Home » News » Local News » Michigan » Finley: Counting on Social Security? Don't.
Michigan

Finley: Counting on Social Security? Don't.

Social Security has not yet cracked into the top issues in the race for Michigan’s open U.S. Senate seat.

That’s negligent, considering that before the end of the six-year term of whomever is elected in November, the 90-year-old retiree benefit program will be busted, and heading off steep benefit cuts will be Congress’ major preoccupation.

Video Thumbnail

A report released Wednesday by the Committee for a Responsible Federal Budget projects Social Security will be insolvent by 2032, resulting in a 24% cut in the monthly checks received by 63 million retirees, their spouses and dependents.

The No State Spared report maps the impact by state, and as is typical whenever economic rankings are released, Michigan sits in the top 10 of those most negatively impacted.

The report expects the average recipient in Michigan will lose $523 a month, the ninth largest hit in the nation. That’s a car payment. Or the monthly grocery bill. Or the supplemental health insurance premium.

More than two million Michigan residents will be impacted, or just under 20% of the population. The cuts will take $12.1 billion a year out of the state’s economy, or 1.6% of its annual economic output.

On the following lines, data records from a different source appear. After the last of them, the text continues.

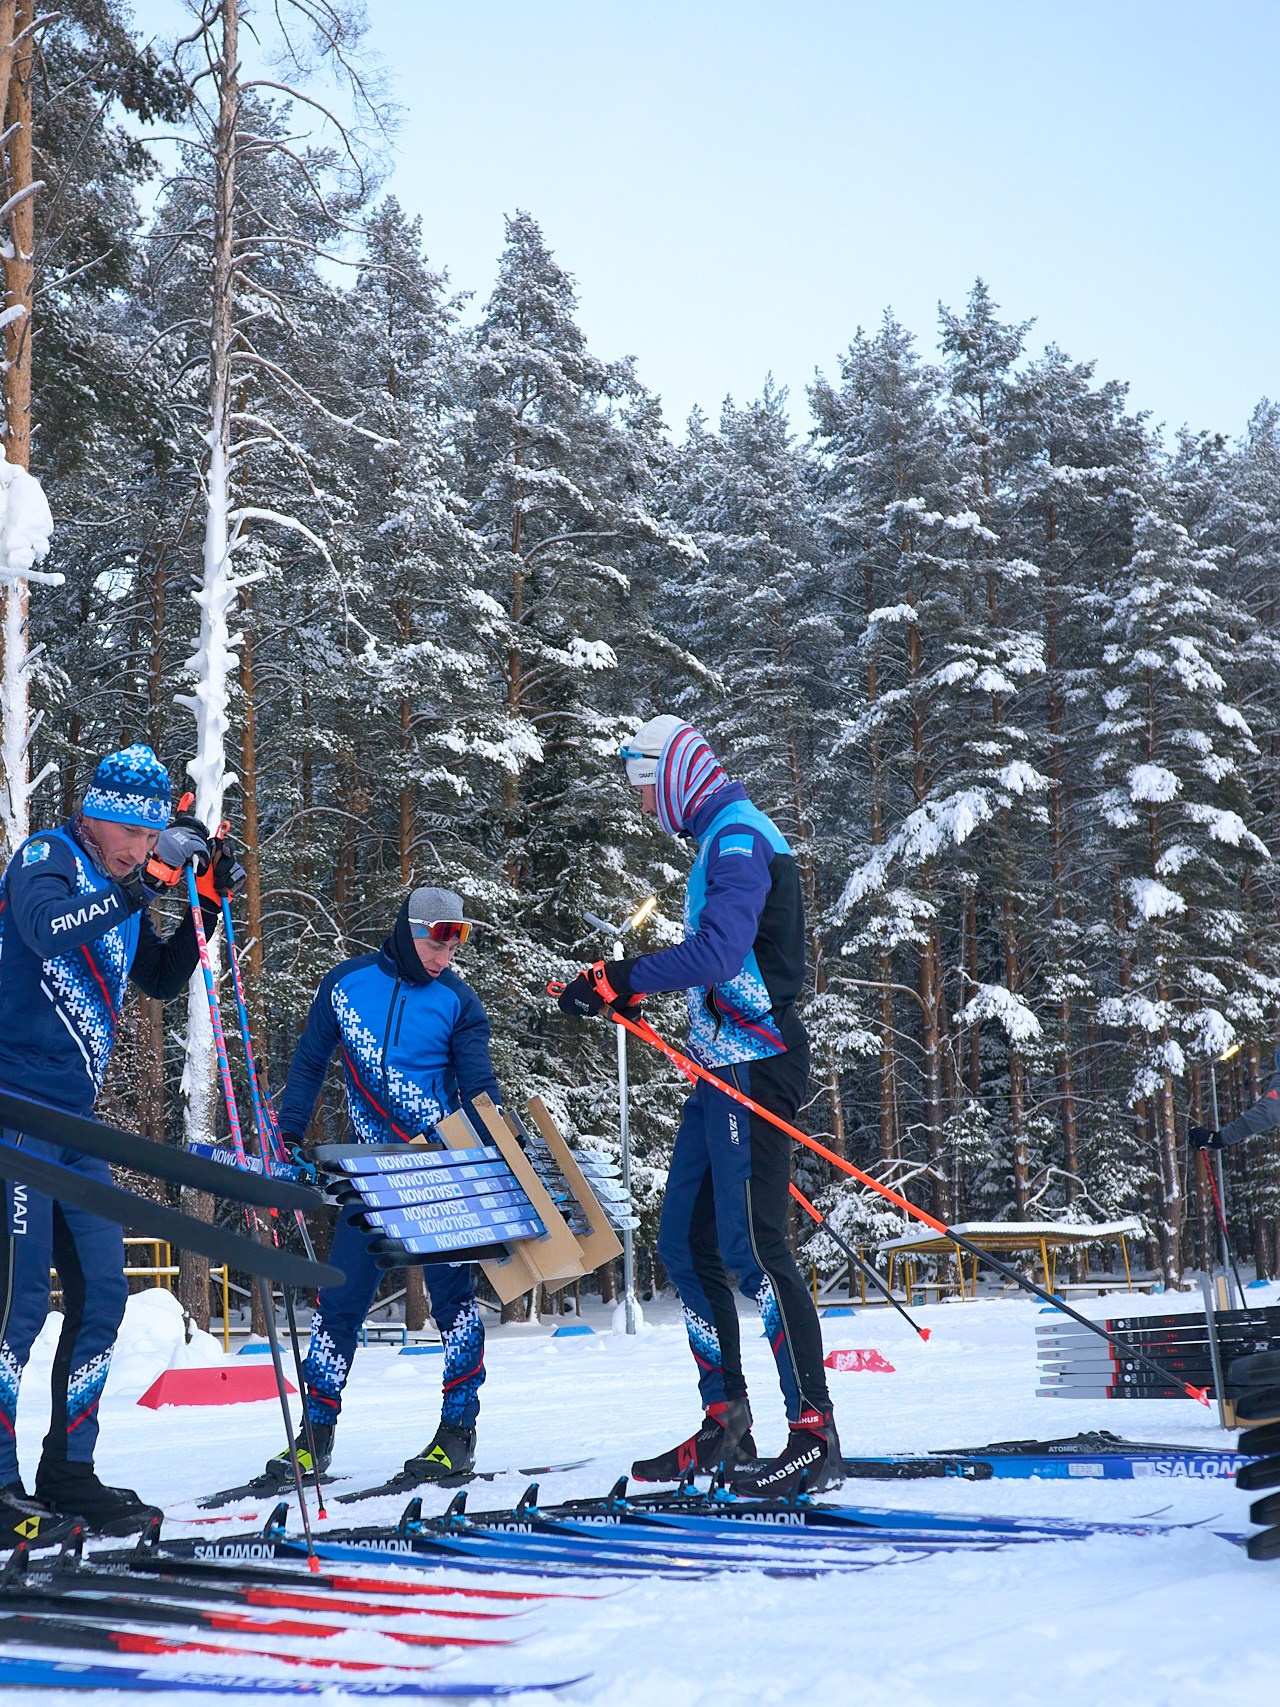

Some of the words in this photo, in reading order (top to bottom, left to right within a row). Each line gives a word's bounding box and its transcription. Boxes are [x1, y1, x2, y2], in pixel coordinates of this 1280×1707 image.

[50, 894, 119, 935] ЯМАЛ
[210, 1148, 253, 1170] SOMON
[376, 1152, 431, 1170] SALOMON
[387, 1170, 440, 1188] SALOMON
[398, 1185, 454, 1203] SALOMON
[13, 1181, 28, 1235] МАЛ
[403, 1201, 459, 1221] SALOMON
[419, 1215, 472, 1235] SALOMON
[435, 1229, 486, 1249] SALOMON
[1048, 1445, 1078, 1453] ATOMIC
[756, 1446, 822, 1488] MADSHUS
[1156, 1461, 1252, 1478] SALOM
[707, 1513, 806, 1526] OMON
[193, 1544, 275, 1560] SALOMON
[337, 1539, 413, 1553] OMON
[28, 1572, 53, 1583] OMIC
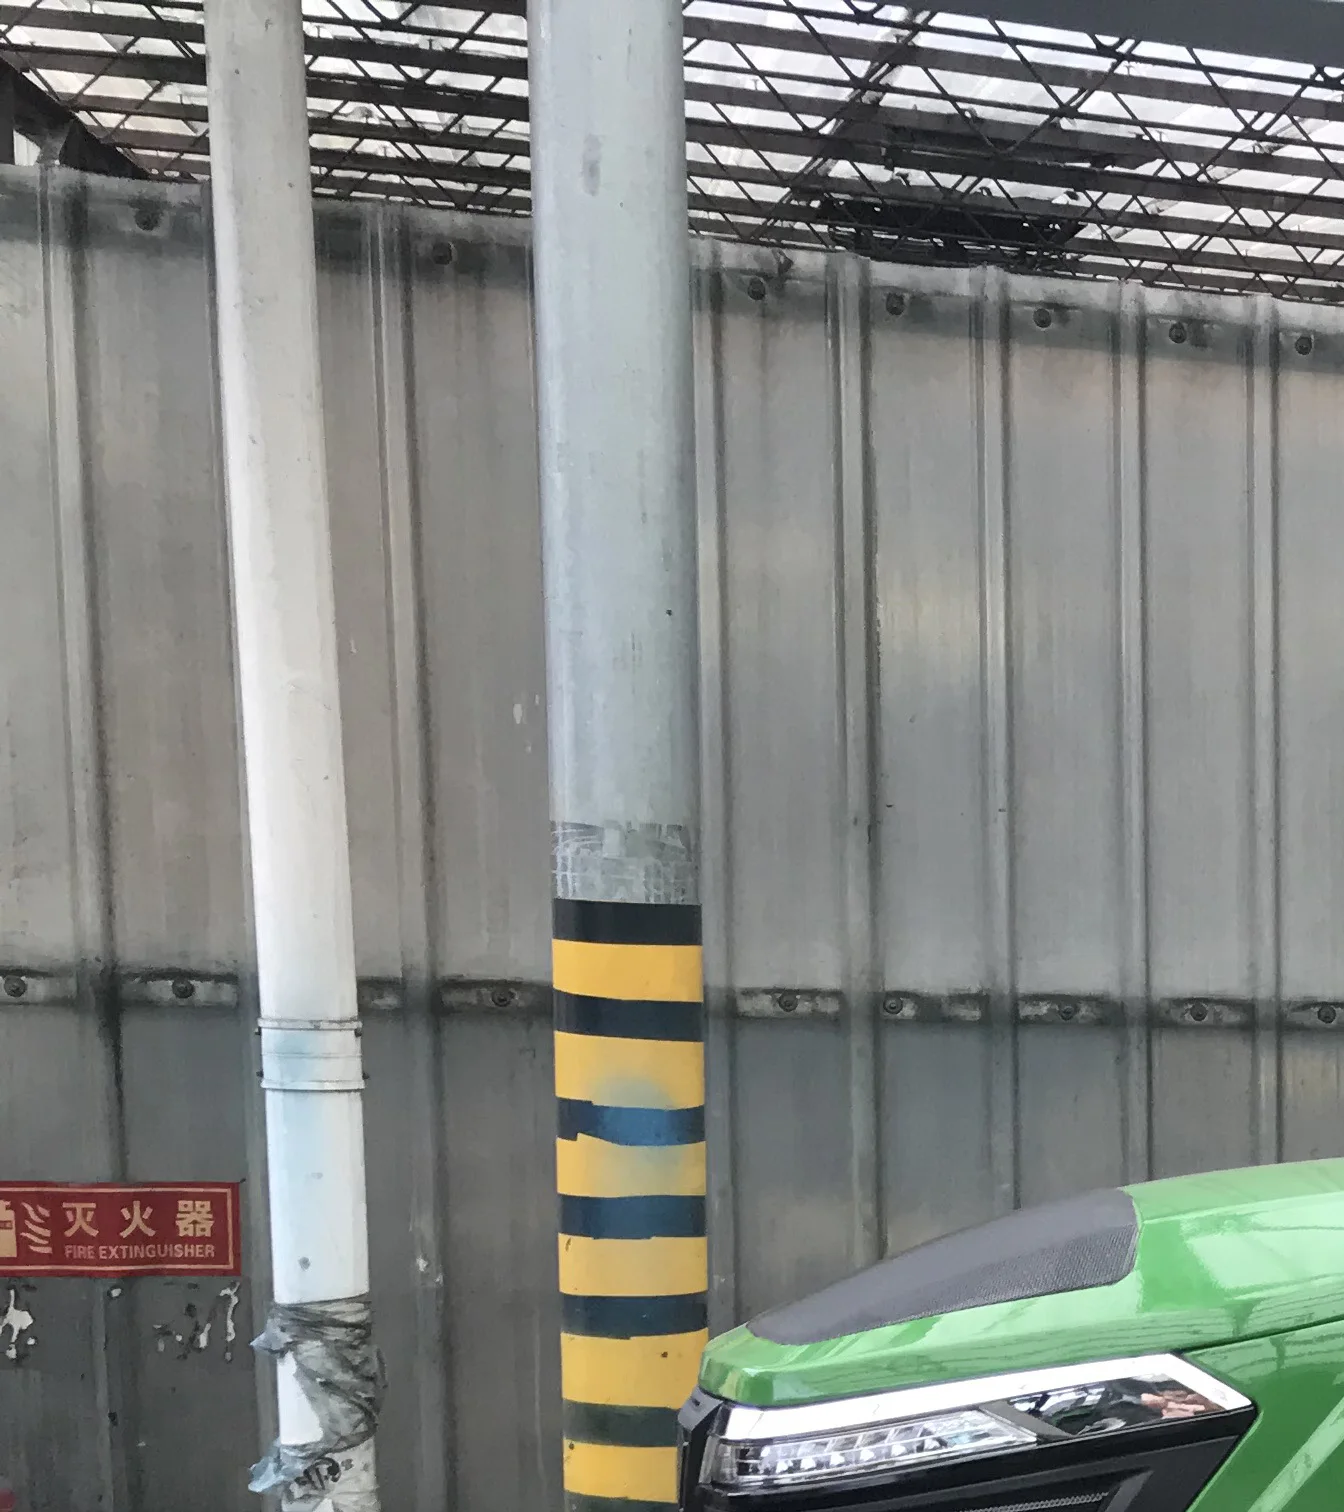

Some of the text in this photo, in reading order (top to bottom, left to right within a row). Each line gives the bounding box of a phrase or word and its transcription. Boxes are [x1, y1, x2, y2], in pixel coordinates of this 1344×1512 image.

Cuts in Michigan will be more severe because the state has a higher percentage of older residents and a below-the-national average household income.

In sum, an already poor state will get much, much poorer.

But nobody’s talking about that on the campaign trail, because nobody wants to do the hard work of putting sensible solutions in place.

Insolvency Day ― the point at which the Social Security Trust Fund runs dry and the program must move to a pay-as-it-goes model ― has been coming for 42 years. That’s how long Washington has known Social Security would go bankrupt, and how long it has avoided putting in place fixes to keep that from happening.

For the past 19 years, Social Security has had to borrow from its trust fund to fully cover the benefits it pays out. Now, with just six years of assets left in the fund, heading off the inevitable will be far more painful.

Our penchant as a people for ignoring problems until they become crises has put us in the position of having to act immediately and more aggressively to avert a total disaster in six short years.

The options are the same as they have been for decades: Raise taxes, cut benefits or find alternative funding sources.

Hiking the combined employee/employer payroll levy to 16.05% from 12.4% would keep Social Security going for another 75 years, if politicians don’t get too frisky about raising benefits.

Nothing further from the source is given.